10 mai 2021

Lettre à François Boulo sur le beau résultat de son itinéraire

"François Boulo est l’une des figures les plus charismatique du mouvement de Gilets jaunes. Ce livre (reprendre le pouvoir), est l’histoire de son combat, depuis la sortie de ce qu’il nomme son « coma politique ». Il fait œuvre d’éducation citoyenne et populaire en restituant les connaissances accumulées lors de son cheminement intellectuel pour déconstruire le néolibéralisme et proposer une nouvelle lecture de la situation politique actuelle." [Les Liens qui Libèrent]

Il est vrai que ton origine intellectuelle ne te prédestinait pas à l'écriture de ce livre, tant le discours est éloigné d'un enfant d'une famille de droite plutôt populaire, avec de Gaulle souvent cité en référence, avec le travail en valeur centrale pour la vie. Mais, par un effort personnel à la suite des échanges vécus au sein du mouvement des gilets jaunes, tu t'es construit un modèle de la société qui t'a libéré de la vision "mainstreem" (courant dominant) qui enchaîne les citoyens d'une démocratie virtuelle lancée dans une trajectoire suicidaire. [Praxis]

Après la description des prisons qui nous enferment et nous dessaisissent de notre pouvoir démocratique (l'idéologie dominante et les institutions européennes), celle des gardiens de prison qui confortent l'ordre établi, tu nous montre comment ce libéralisme économique extrême non plonge dans la spirale de la dérive autoritaire apparue à la fin du mandat présidentiel Hollande: un appel à la remise en question.

Mais ton état des lieux tend à laisser penser que l'économie va mal: baisse de la croissance et explosion du chômage. La baisse de la croissance cache une vitalité incroyable de l'économie. Les quarante dernières années de sont pas les années piteuses sensées justifier l'accroissement de la pauvreté et de la précarité. Elles ont été portées par une incroyable vitalité technologique et de productivité. 

L'évolution du PIB et celle de la croissance sont opposées.

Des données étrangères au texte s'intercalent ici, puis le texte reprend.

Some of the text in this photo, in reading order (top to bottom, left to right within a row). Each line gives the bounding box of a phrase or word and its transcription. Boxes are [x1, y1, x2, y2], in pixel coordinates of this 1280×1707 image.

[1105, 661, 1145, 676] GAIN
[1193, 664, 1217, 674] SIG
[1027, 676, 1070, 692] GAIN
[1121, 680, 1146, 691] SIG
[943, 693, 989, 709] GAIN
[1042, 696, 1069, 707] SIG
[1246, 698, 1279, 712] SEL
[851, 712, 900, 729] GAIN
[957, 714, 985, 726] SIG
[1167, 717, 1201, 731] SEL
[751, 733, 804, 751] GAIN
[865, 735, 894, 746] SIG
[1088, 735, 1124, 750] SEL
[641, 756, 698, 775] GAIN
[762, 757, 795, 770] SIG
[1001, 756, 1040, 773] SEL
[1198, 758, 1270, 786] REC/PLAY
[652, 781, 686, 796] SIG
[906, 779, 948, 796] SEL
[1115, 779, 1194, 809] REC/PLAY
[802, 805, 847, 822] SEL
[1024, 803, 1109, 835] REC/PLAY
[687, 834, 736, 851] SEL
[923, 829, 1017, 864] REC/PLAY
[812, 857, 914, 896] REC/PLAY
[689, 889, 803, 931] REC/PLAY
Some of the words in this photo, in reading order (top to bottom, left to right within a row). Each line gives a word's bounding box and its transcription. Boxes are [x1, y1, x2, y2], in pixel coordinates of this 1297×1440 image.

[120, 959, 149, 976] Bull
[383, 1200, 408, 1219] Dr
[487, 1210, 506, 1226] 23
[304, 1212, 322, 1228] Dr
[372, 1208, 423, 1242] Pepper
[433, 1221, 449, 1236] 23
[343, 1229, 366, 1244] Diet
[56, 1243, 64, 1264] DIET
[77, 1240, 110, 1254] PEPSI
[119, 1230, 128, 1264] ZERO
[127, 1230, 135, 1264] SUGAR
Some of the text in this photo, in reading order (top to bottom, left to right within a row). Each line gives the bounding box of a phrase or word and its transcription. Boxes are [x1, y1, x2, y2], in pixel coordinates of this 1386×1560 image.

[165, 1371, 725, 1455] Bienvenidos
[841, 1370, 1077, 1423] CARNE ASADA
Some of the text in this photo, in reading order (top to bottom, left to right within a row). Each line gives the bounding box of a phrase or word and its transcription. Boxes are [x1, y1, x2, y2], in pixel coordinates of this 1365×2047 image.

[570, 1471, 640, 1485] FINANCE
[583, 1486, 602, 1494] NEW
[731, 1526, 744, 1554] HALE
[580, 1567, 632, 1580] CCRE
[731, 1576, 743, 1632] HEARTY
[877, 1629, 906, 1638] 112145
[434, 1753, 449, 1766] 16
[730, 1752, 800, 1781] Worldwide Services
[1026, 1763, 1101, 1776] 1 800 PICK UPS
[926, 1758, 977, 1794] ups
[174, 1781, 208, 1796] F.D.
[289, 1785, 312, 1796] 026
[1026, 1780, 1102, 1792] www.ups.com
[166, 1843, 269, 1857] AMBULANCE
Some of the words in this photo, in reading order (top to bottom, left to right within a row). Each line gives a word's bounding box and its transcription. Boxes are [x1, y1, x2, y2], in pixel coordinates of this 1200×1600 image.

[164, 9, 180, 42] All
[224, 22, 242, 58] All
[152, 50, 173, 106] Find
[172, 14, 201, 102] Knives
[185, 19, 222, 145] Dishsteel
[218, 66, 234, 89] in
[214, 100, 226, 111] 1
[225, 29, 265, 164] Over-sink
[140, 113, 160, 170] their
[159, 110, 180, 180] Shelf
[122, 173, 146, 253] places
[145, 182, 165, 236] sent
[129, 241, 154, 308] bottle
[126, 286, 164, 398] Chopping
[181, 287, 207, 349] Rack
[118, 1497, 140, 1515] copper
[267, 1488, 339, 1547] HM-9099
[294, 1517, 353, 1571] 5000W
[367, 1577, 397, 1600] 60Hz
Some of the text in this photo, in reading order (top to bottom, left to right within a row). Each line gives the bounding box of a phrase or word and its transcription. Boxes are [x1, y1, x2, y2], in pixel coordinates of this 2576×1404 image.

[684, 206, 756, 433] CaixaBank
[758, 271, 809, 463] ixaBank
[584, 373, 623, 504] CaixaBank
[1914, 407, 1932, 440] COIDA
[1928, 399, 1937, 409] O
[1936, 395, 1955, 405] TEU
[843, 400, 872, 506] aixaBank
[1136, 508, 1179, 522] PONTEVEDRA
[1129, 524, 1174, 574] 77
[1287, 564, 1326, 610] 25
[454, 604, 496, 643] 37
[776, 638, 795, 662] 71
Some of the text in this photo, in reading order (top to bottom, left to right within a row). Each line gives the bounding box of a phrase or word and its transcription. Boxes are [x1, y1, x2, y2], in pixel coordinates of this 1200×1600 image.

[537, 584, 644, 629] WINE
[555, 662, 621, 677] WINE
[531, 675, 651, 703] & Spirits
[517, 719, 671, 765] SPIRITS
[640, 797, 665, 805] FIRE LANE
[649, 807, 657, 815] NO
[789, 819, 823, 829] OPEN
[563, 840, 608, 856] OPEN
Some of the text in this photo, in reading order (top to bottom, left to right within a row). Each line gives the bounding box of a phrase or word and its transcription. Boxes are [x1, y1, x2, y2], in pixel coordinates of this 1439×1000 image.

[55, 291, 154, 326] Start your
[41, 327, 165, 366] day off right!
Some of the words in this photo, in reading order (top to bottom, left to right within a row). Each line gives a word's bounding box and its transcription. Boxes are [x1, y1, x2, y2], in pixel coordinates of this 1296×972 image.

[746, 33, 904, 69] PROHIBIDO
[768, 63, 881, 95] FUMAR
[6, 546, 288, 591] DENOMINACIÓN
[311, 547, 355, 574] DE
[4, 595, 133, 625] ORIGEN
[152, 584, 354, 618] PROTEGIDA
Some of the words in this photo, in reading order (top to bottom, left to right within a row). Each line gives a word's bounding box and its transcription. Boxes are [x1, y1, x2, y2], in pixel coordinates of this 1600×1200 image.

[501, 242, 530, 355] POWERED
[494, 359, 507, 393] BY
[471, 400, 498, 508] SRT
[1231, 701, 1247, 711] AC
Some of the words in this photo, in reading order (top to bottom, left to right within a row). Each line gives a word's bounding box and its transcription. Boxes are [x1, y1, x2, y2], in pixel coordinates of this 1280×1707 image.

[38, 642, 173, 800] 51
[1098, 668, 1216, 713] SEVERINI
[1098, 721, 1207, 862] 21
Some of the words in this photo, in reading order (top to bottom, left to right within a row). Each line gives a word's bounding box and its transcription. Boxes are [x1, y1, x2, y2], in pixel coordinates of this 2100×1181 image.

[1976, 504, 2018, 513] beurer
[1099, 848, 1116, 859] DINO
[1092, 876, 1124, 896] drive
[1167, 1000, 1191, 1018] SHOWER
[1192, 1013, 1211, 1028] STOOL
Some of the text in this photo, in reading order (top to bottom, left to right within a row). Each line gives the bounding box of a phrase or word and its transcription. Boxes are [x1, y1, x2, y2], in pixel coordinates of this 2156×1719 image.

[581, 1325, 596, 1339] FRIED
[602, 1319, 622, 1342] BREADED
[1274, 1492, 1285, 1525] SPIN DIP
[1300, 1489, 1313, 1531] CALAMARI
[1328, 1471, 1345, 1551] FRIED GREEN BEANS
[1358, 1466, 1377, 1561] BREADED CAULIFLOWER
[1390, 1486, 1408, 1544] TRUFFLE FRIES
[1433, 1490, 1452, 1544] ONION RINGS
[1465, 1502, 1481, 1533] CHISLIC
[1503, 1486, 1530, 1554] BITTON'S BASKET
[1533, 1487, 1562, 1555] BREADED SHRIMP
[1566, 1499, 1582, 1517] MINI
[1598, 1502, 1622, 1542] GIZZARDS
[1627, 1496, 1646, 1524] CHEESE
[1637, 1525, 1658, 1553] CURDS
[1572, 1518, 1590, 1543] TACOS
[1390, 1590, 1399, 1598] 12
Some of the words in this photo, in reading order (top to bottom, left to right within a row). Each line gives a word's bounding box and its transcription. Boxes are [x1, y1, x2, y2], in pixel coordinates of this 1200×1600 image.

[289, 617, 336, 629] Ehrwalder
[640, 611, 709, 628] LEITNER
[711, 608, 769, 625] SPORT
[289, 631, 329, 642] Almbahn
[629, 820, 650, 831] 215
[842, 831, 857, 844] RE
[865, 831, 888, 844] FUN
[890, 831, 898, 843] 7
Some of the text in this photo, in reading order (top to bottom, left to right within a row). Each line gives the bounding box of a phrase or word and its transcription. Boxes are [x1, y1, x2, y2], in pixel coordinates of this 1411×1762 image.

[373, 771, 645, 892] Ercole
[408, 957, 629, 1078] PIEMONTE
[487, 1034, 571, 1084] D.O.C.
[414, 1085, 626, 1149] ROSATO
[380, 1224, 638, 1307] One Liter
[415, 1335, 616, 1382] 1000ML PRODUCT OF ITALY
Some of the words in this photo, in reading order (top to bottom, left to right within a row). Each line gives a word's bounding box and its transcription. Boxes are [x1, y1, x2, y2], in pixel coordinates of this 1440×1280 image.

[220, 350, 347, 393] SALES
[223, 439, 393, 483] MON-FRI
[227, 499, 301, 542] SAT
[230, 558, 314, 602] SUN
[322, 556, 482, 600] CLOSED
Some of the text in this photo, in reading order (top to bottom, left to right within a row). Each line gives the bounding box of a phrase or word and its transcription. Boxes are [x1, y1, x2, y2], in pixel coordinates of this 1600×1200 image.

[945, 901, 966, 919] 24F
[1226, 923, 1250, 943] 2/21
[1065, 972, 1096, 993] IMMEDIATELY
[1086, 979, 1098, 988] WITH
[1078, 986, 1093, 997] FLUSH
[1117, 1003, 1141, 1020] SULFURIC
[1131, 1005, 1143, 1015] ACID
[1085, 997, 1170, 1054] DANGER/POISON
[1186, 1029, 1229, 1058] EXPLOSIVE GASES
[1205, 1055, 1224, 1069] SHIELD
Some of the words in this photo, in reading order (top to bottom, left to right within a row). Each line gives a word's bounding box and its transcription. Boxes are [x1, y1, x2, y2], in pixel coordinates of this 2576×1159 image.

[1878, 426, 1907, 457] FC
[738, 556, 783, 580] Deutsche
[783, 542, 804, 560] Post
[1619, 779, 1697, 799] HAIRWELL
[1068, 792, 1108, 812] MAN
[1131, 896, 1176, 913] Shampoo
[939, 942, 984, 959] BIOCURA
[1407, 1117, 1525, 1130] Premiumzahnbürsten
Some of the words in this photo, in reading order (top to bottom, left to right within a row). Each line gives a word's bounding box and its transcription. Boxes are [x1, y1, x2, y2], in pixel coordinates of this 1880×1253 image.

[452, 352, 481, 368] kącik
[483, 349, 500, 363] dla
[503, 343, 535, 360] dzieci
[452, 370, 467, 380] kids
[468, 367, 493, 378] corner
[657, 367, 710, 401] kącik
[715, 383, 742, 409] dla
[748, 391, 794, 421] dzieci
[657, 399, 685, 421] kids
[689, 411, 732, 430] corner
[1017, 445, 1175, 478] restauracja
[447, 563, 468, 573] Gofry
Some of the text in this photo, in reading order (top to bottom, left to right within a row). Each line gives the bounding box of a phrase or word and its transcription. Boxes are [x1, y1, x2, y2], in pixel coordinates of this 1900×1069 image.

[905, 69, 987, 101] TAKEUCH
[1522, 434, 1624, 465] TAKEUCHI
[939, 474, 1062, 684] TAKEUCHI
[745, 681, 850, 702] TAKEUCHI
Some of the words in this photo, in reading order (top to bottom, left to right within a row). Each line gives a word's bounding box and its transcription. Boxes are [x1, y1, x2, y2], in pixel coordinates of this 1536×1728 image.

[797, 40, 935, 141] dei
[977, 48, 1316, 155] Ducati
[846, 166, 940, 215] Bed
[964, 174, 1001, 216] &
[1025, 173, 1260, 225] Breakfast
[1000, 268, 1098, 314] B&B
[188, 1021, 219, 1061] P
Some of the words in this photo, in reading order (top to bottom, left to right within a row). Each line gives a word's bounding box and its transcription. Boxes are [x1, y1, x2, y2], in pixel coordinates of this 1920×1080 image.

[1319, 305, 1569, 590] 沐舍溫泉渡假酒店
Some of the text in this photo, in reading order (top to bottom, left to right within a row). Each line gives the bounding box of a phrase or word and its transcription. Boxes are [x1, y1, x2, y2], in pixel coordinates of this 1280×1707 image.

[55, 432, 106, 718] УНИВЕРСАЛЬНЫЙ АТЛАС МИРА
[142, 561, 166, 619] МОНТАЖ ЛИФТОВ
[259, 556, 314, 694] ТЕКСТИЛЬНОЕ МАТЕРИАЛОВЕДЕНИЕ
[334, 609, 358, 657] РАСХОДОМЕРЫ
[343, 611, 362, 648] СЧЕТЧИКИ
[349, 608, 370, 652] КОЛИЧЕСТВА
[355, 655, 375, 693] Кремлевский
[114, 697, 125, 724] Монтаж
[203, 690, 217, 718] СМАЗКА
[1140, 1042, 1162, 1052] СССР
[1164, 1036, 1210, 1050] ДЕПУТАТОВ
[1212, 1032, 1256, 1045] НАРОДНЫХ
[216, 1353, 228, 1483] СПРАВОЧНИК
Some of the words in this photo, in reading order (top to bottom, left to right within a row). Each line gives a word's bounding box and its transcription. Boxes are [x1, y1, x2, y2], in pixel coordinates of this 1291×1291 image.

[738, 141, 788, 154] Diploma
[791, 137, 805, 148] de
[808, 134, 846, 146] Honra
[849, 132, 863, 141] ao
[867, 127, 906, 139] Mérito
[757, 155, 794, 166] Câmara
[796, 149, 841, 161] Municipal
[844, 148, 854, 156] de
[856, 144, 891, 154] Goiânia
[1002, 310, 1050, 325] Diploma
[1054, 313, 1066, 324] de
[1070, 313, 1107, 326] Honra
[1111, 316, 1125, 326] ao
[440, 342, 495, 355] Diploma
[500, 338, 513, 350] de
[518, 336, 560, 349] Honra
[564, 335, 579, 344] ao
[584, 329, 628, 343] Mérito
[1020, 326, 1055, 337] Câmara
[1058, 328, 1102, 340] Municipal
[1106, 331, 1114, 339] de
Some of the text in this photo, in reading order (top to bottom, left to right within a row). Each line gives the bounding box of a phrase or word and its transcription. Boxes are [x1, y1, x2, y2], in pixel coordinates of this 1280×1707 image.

Si l'innovation détruit l'emploi, c'est que son bénéfice est capté par le capital - ce qui est effectivement le cas grâce à l'absence d'une existence juridique de l'entreprise. En fait, seule la société d'actionnaires existe, centre d'un ensemble de contrats qu'elle passe avec ses fournisseurs, ses salariés et ses clients. C'est elle qui reçoit l'argent de ses clients et rémunère ses fournisseurs et ses salariés. La valeur ajoutée (chiffre d'affaires cédé par les clients en contrepartie des services et des produits issus du travail des salariés moins l'ensemble des factures payées aux fournisseurs) lui appartient.

Pour éradiquer la pauvreté, il est nécessaire de développer une vision plus réaliste de la production: si le capital social appartient bien à la société d'actionnaires, la valeur ajoutée est bien produite par le collectif de travail qui est légitimement propriétaire du profit (Valeur ajoutée = salaires + profits). Ce profit sert à rembourser les dettes et à conforter les actifs (amortissements). Une fois toutes les charges payées, le bénéfice peut être mis en fonds propres ou distribué en primes aux salariés ou en dividendes aux actionnaires.

Aujourd'hui, le pays est victime de la confiscation des profits par les propriétaires du capital social et d'une très grosse partie des salaires par des grands patrons surpayés qui gravent des gratifications peut-être légitimes dans le marbre de salaires exorbitants.

Moi aussi j'ai mis du temps à me donner une vision de la société qui me permettre de participer aux débats sans dépendre de personne, ou plutôt sans reprendre les arguments de groupes qui poursuivent des buts auxquels je n'adhèrerais pas. J'ai fait le point de l'état de mes réflexion dans ce petit livre: "éradiquer la pauvreté".

Le capitalisme a mis quatre cents ans à s’émanciper du féodalisme où l'économie était fondée sur l'exploitation de la paysannerie par l'aristocratie dans le cadre de la seigneurie. Depuis deux siècles, il maintient les travailleurs sous la pression du marché du travail.

Ce texte propose de démocratiser l’entreprise et de démarchandiser le travail pour éradiquer la pauvreté et faire de la société l’environnement créé par l’humanité du 21ème siècle propice à l’émancipation de chacun. 

Le Média a fait une belle présentation de ton livre. Je tenais à te faire part de mes commentaires.